In 2018–19 Fylde finished fifth in the National League. They defeated Harrogate Town in the play-off quarter-final and Solihull Moors in semi-final to qualify for the final at Wembley against Salford City. Although the final saw them lose 3–0, the club returned to Wembley a week later in the FA Trophy final and won the competition with a 1–0 victory over Leyton Orient. In October 2019, after eight years with the club, Dave Challinor was sacked with Fylde in the relegation zone. The 2019–20 FA Cup saw the club reach the third round of the FA Cup for the first time; after beating Nantwich Town 1–0 in the first round and Kingstonian 2–0 in the second, they lost 2–1 at Sheffield United in the third round. In 2019–20 Fylde finished second-from-bottom of the division, resulting in their relegation back to the National League North after the season had been cut short due to the COVID-19 pandemic. They finished third in the National League North in 2021–22 before losing 2–0 to Boston United in the play-off semi-finals. However, in 2022–23 the club were National League North champions, earning another promotion to the National League. In 2024–25 the club finished second-from-bottom of the National League and were relegated back to the National League North.

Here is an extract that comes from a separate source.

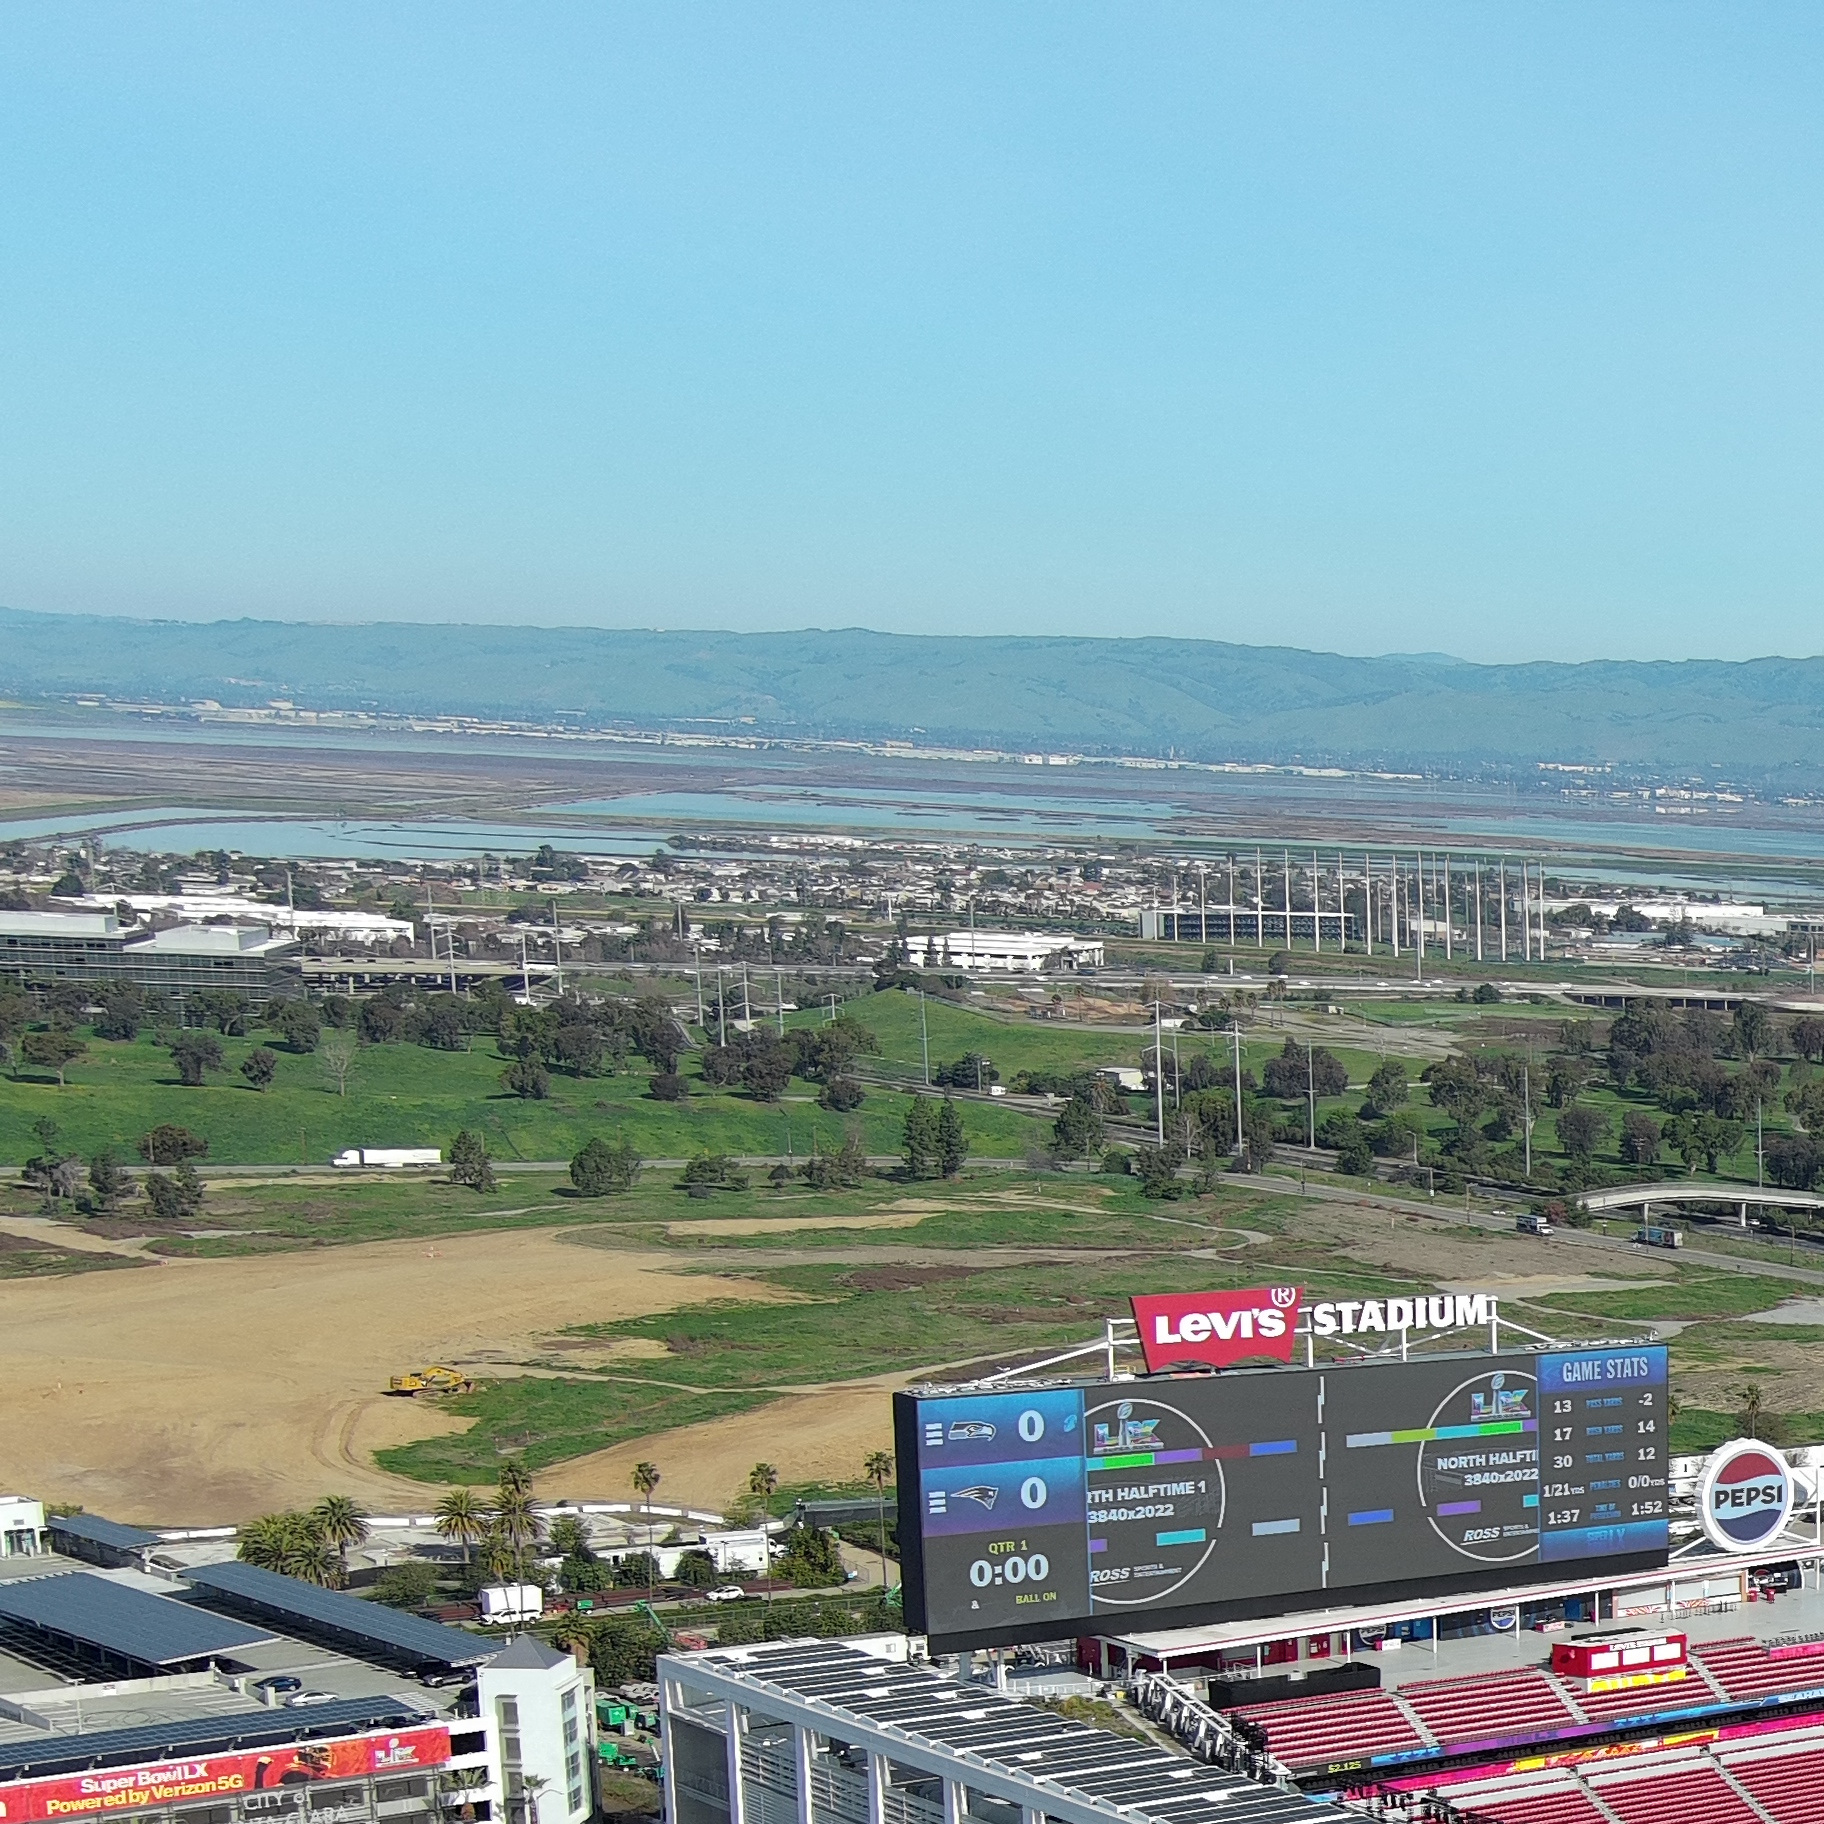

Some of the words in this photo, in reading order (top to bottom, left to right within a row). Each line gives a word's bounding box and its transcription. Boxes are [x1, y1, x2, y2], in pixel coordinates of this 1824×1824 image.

The 2025–26 season saw Fylde win the National League North title, earning an immediate promotion back to the National League.

==Stadium==
Between 2006 and 2016 the club played home games at Kellamergh Park in the village of Warton, having previously played at the council-owned Coronation Road in Kirkham. In 2005 the club purchased land in Kellamergh and began to develop the facilities at a cost of £150,000 in order to meet the requirement for playing in the North West Counties League.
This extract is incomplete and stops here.